-------- MATERIALS PROVIDED
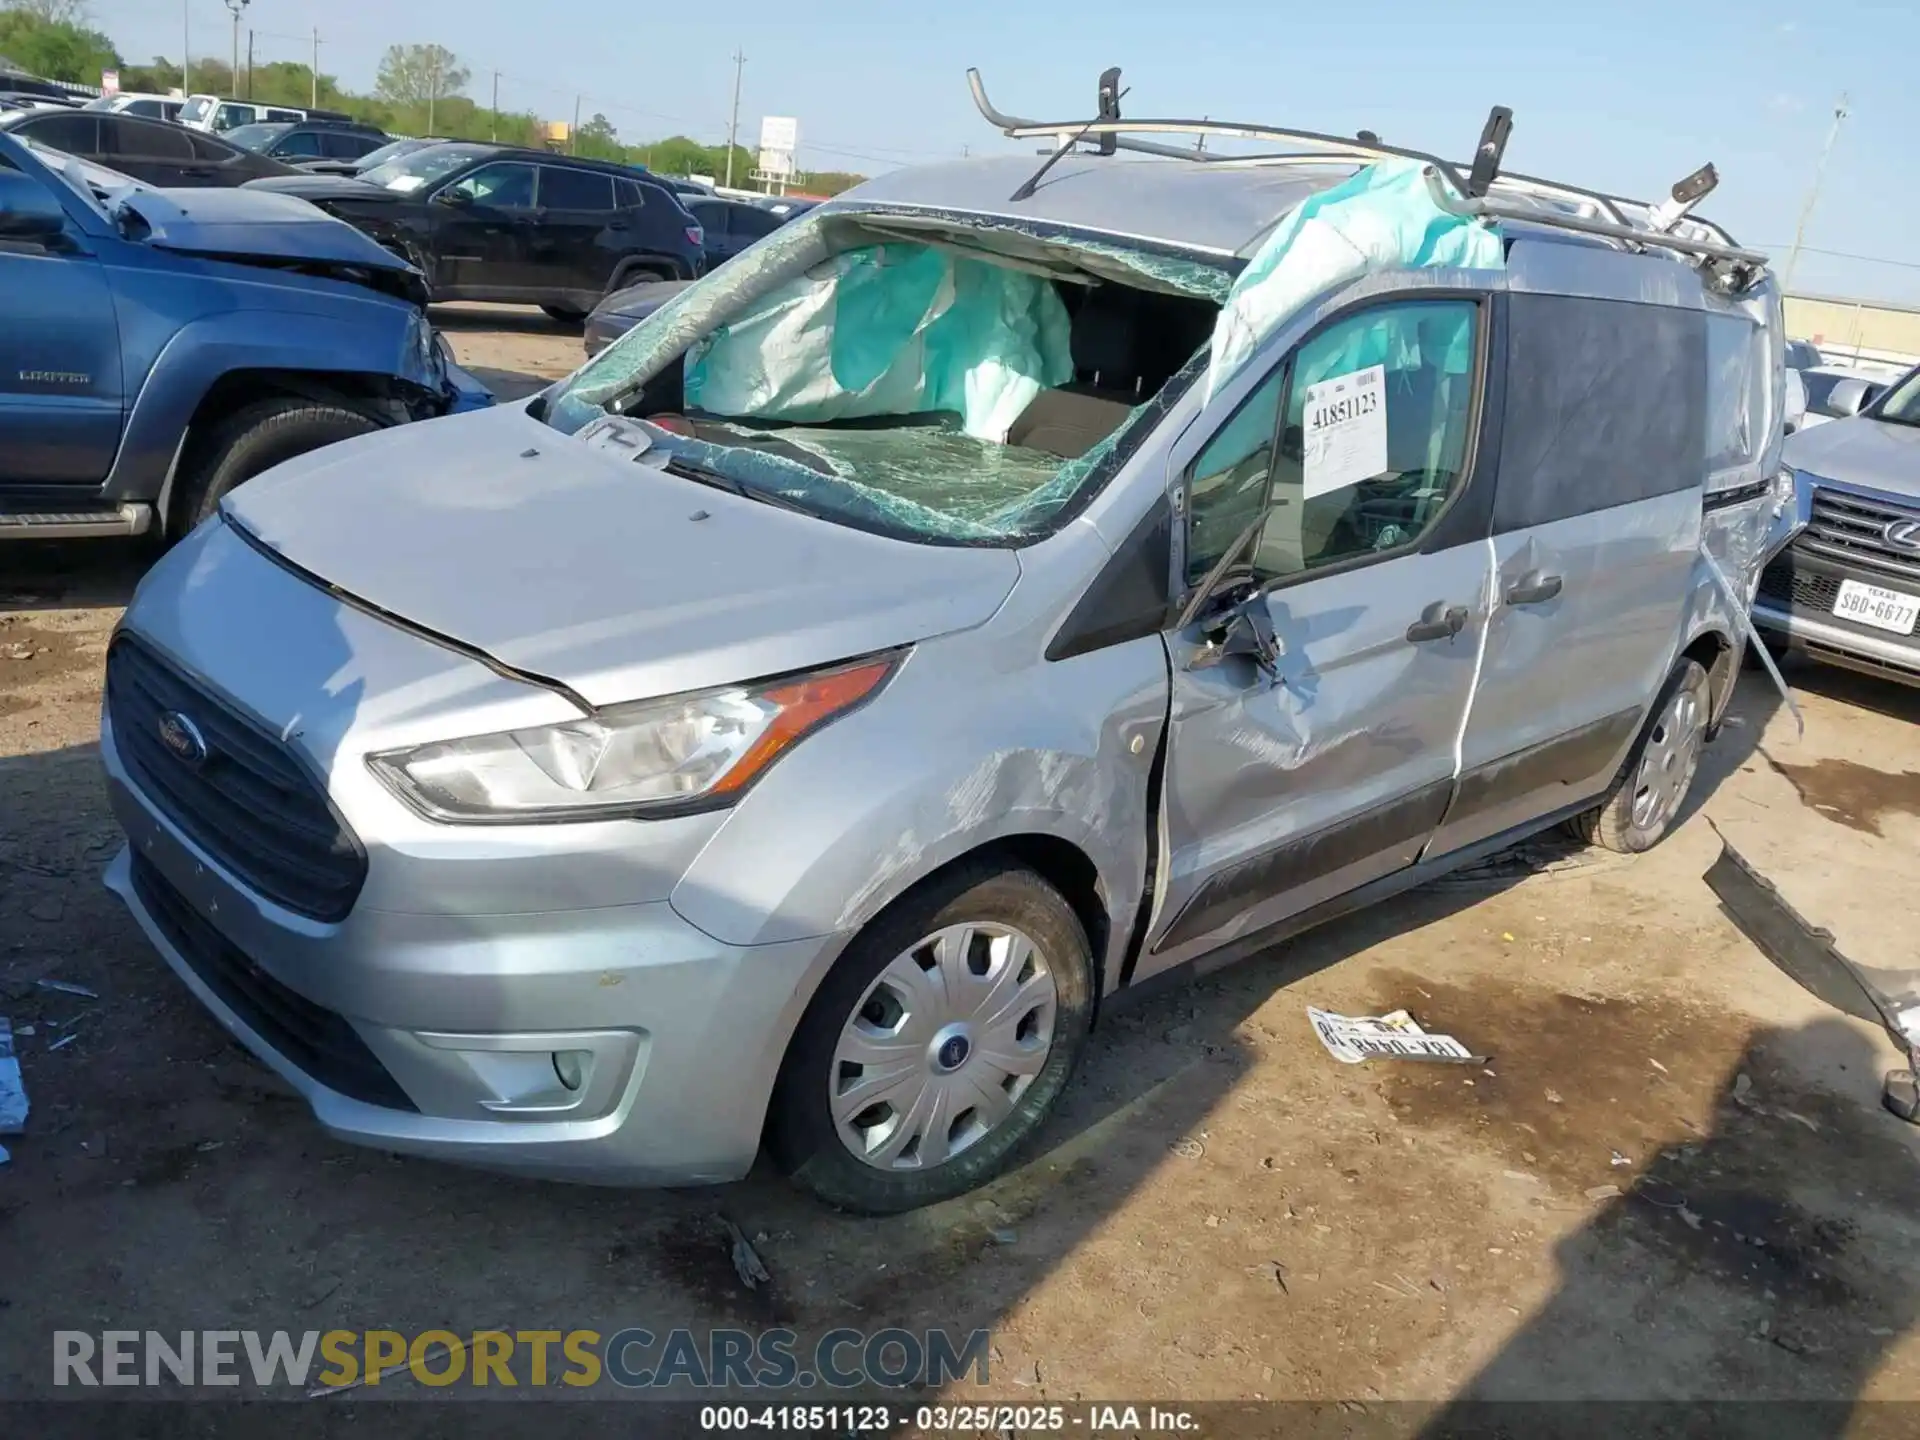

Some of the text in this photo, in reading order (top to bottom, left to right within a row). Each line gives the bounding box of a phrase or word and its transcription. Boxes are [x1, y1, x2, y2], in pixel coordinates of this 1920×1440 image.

[19, 371, 89, 383] LIMITED
[1313, 391, 1377, 429] 41851123
[1868, 587, 1897, 601] TEXAS
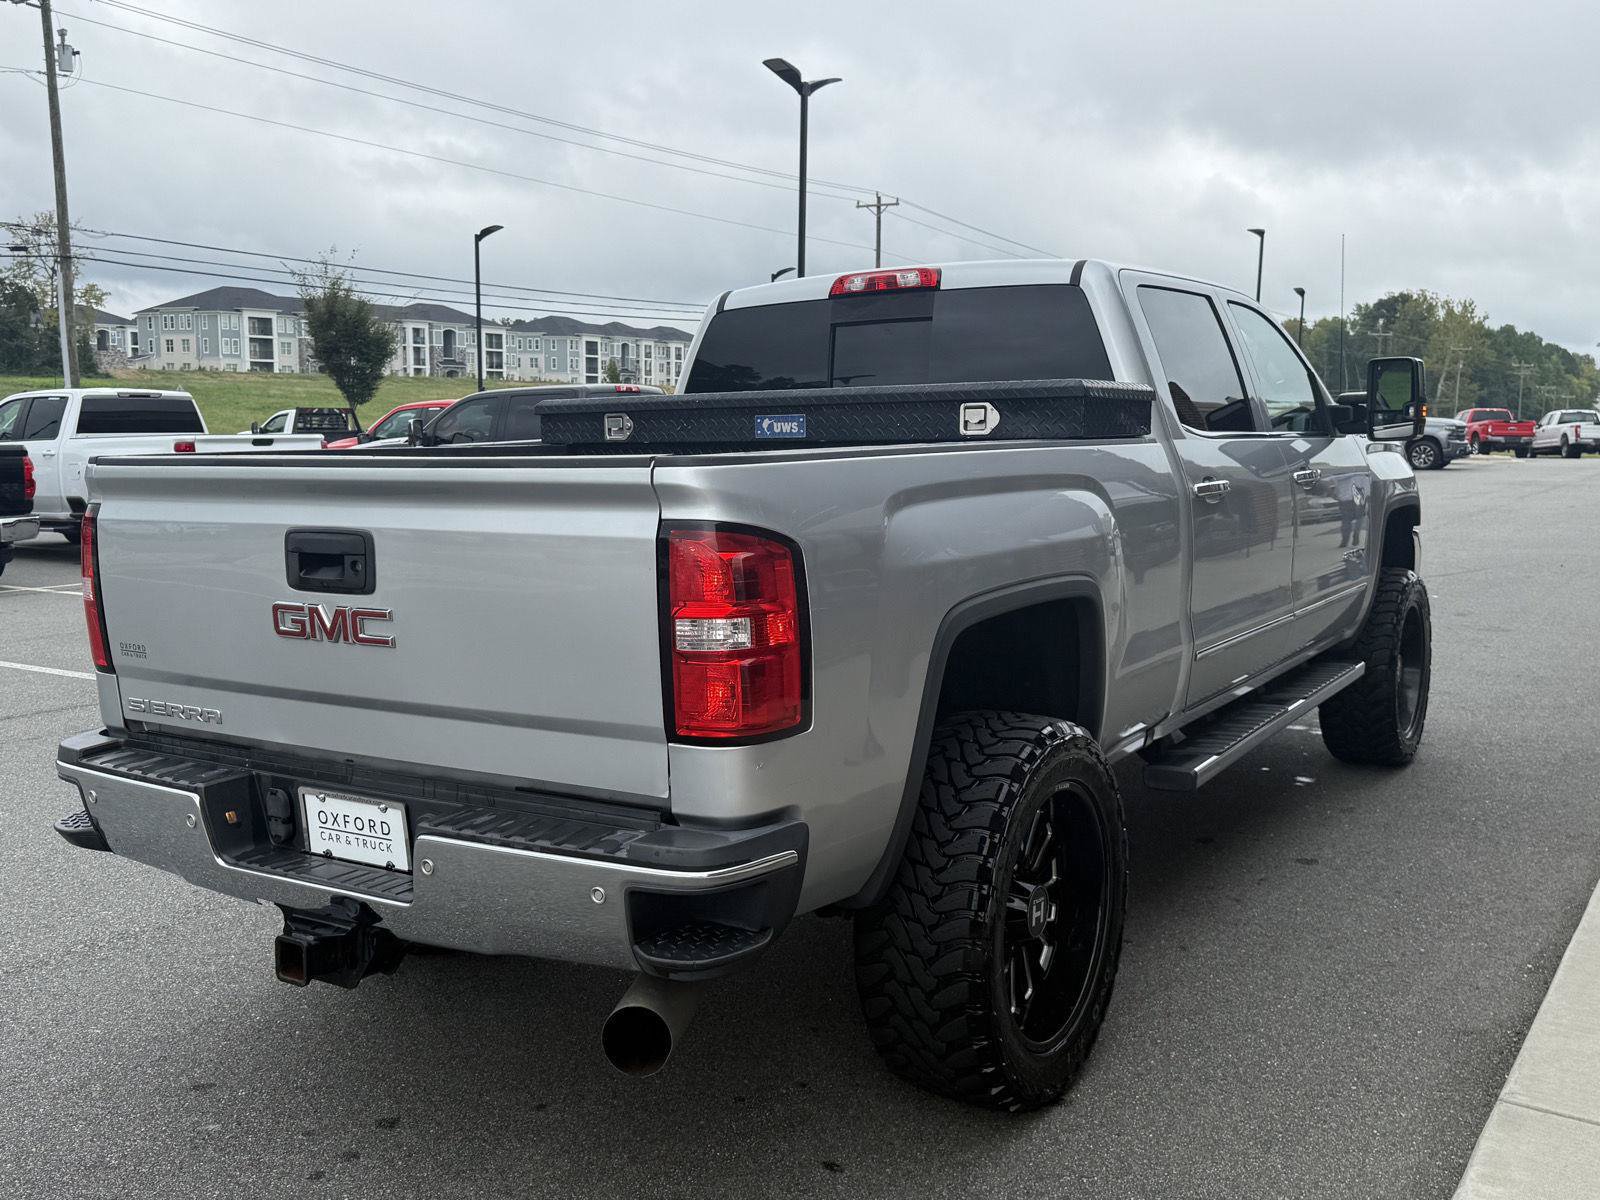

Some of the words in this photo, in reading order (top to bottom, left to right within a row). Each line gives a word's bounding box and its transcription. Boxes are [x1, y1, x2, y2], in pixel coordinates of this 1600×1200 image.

[773, 421, 799, 433] UWS
[272, 600, 396, 648] GMC
[120, 641, 147, 652] OXFORD
[128, 697, 222, 724] SIERRA
[317, 810, 391, 836] OXFORD
[320, 831, 341, 845] CAR
[345, 835, 352, 846] &
[354, 837, 393, 854] TRUCK
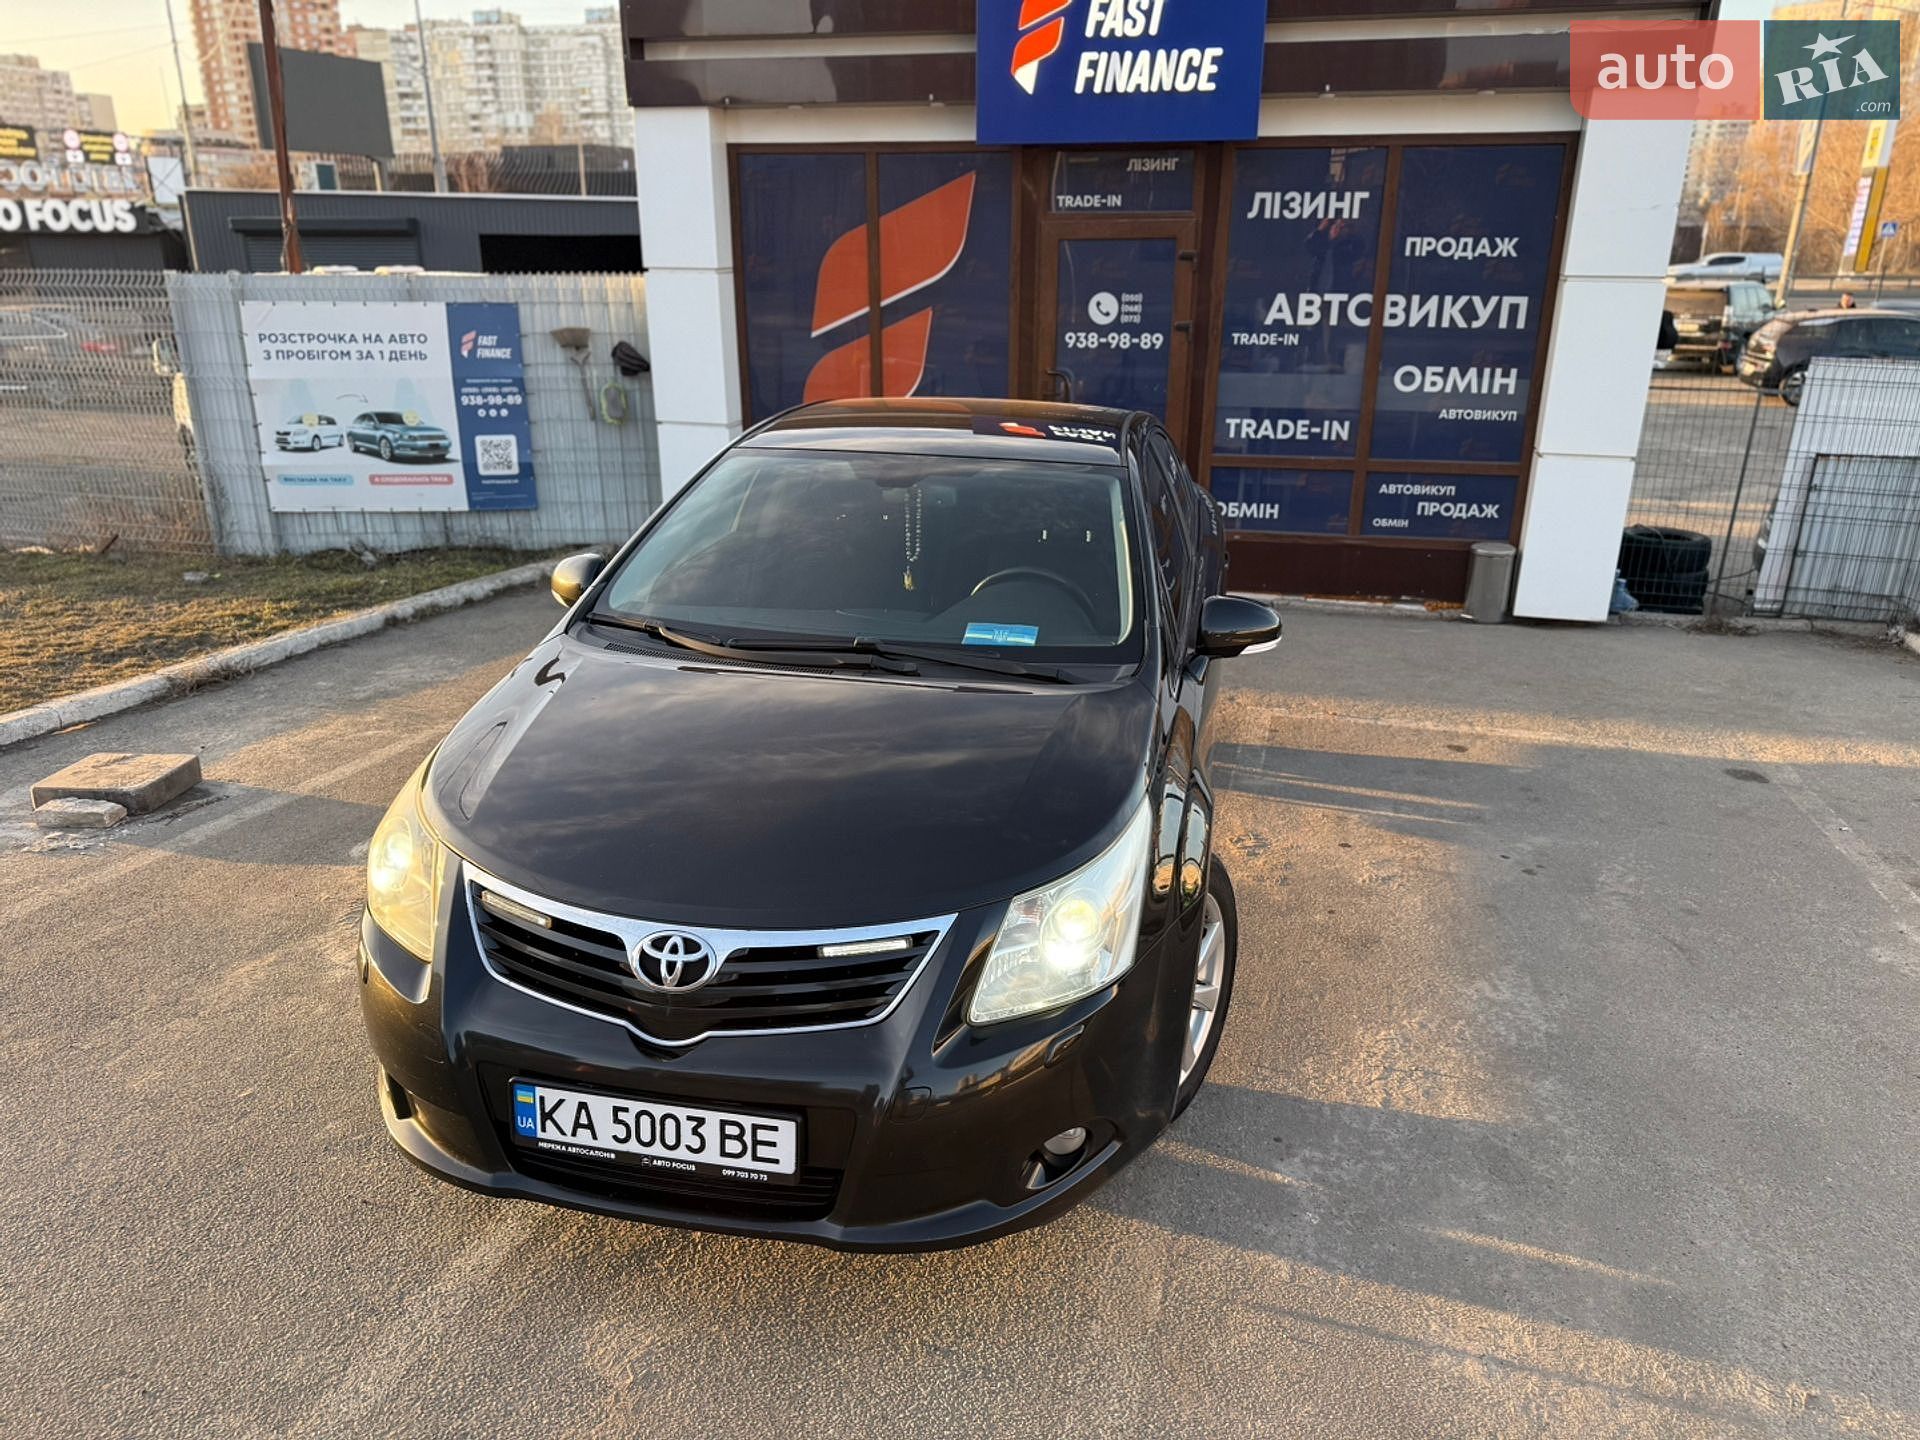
----------------
_REQUIREMENT_. Reproduce all the records verbatim, excluding images.

_OUTPUT OF THE EXERCISE_.
Some of the text in this photo, in reading order (top to bottom, left to right within a row). Each line gives the bounding box of a phrase or word and its transcription. Boxes are [x1, y1, x2, y2], in pixel coordinates of this 1920×1440 image.

[19, 371, 89, 383] LIMITED
[1313, 391, 1377, 429] 41851123
[1868, 587, 1897, 601] TEXAS

Some of the words in this photo, in reading order (top to bottom, left to right within a row). Each line gives a word's bounding box and its transcription. Boxes are [x1, y1, x2, y2], in pixel coordinates of this 1600×1200 image.

[773, 421, 799, 433] UWS
[272, 600, 396, 648] GMC
[120, 641, 147, 652] OXFORD
[128, 697, 222, 724] SIERRA
[317, 810, 391, 836] OXFORD
[320, 831, 341, 845] CAR
[345, 835, 352, 846] &
[354, 837, 393, 854] TRUCK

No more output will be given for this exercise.